‘Crime index needs review’


Comm Rosli (third left) with SAC Mohamad Anil (on his left) chatting with NGO representatives and community leaders after presenting appreciation certificates to them at the community hall of the police marine base in Batu Uban, Penang. — MUSTAFA AHMAD/The Star

THE Crime Prevention and Community Safety Department (JPJKK) is reviewing other elements which should be included in the calculation of the crime index in Malaysia, said Comm Datuk Seri Rosli Ab Rahman.

The Bukit Aman JPJKK director said the elements included currently might not be relevant to indicate the accurate crime index.

“At the moment, there are two categories included in our crime index which are serious crime and property crime.

“Serious crime involves violence such as killing, rape, robbery and hurting others. Stealing of vehicles or breaking into homes are considered as property crimes.

“We will study again and include several elements that are not included in the crime index such as extortion, intimidation, street crime, road bully, commercial crime, scamming and drug abuse. Around 40% of the suspects are drug addicts,” he added.

Comm Rosli also said the proposal was still under discussion.

“JPJKK is still studying on this and a thorough study will also be done before any decisions are made.

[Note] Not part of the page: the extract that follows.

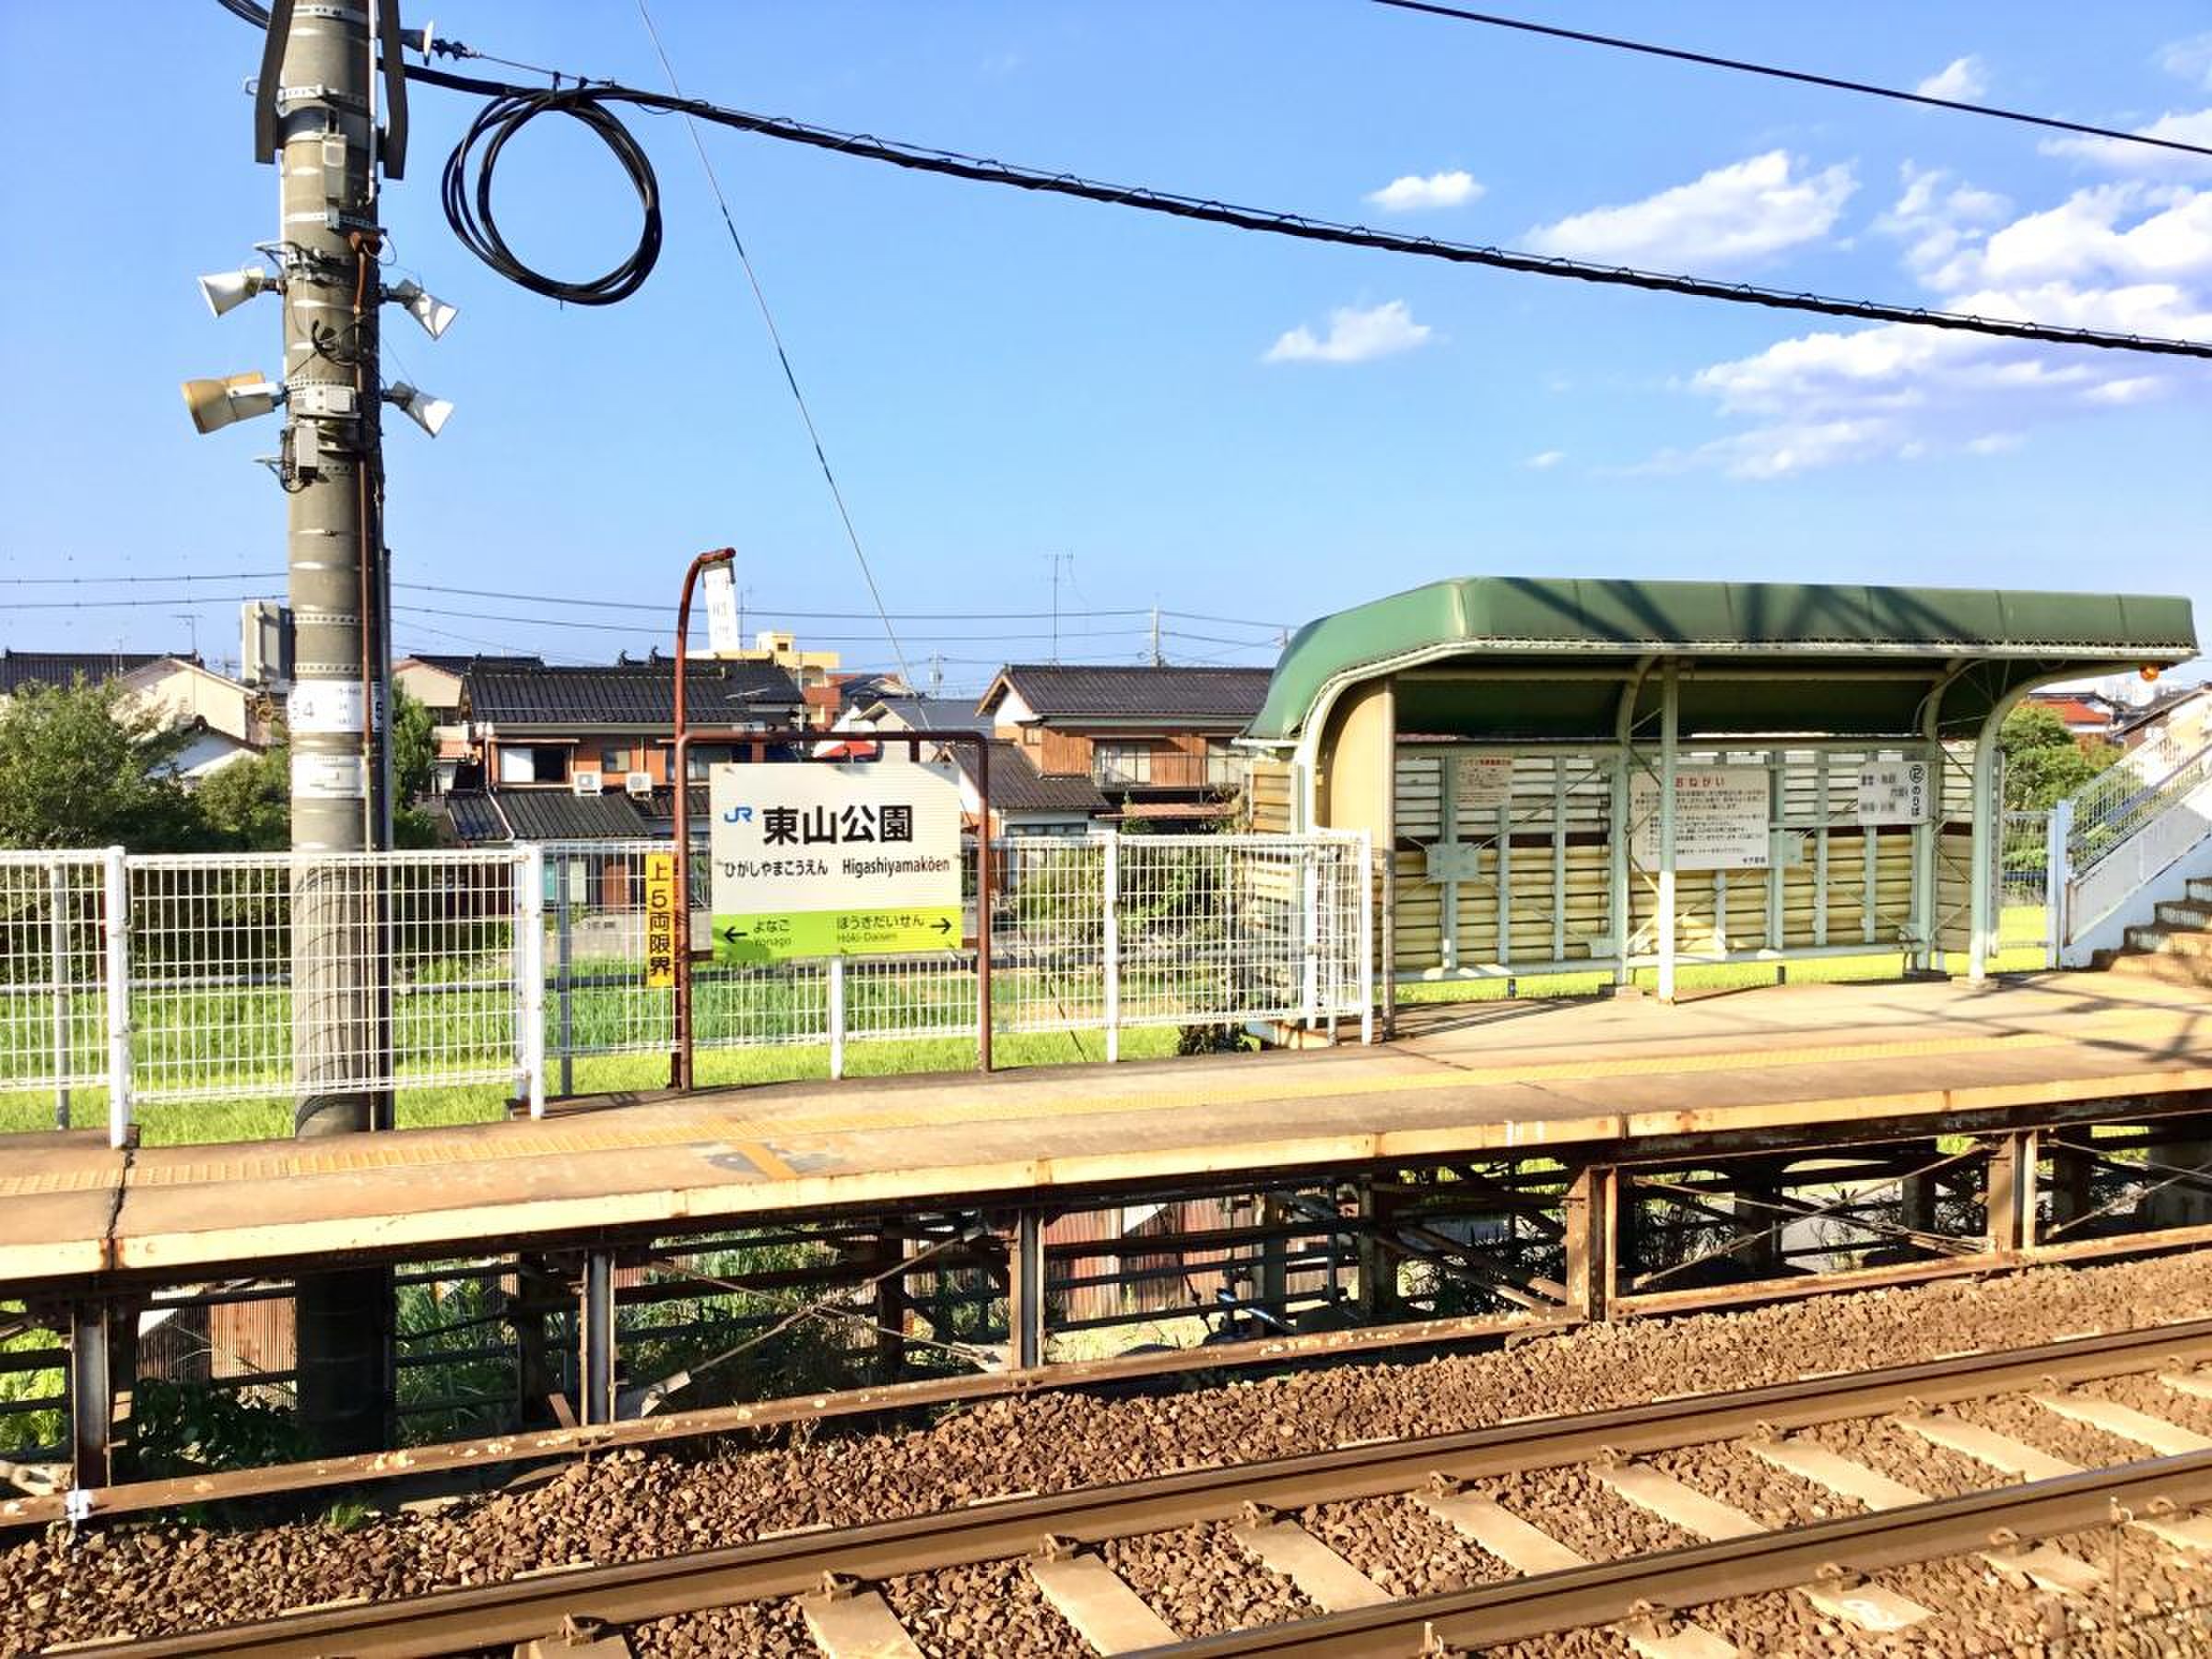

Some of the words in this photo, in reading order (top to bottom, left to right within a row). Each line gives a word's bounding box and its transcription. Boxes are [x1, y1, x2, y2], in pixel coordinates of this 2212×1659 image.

“Hopefully, the study can be done as soon as possible so that the new calculation method can be implemented by Jan 1, 2020.

“This initiative was motivated by the fact that although the crime index has decreased but fear of crime still exists among the people,” he told reporters after a dialogue session at the community hall of the marine police base in Batu Uban last Thursday.

Comm Rosli also announced that since January this year until Aug 27, the overall crime index had decreased by 7.2% although there was around 1% increase in crime index in Penang, Terengganu and Sarawak.

Comm Rosli said the local communities should work hand-in-hand with the police in order to prevent crimes from happening.

“The local communities are the ones who are familiar with the situation and they should be the ears and eyes of the police.

“It is easier for the police to identify and catch crime offenders when they get information from local communities.

“The police and NGOs should also work together and patrol together in crime hotspots,” he said.

More than 250 people from different NGOs attended the event.

Appreciation certificates were also given out to people who had contributed in aiding the police in crime prevention.

Also present were Penang Crime Prevention and Community Safety Department chief Senior Asst Comm Datuk Mohamad Anil Shah Abdullah and Bukit Aman JPJKK (coordination resources support) principal assistant director SAC Mohd Soaihami Rahim.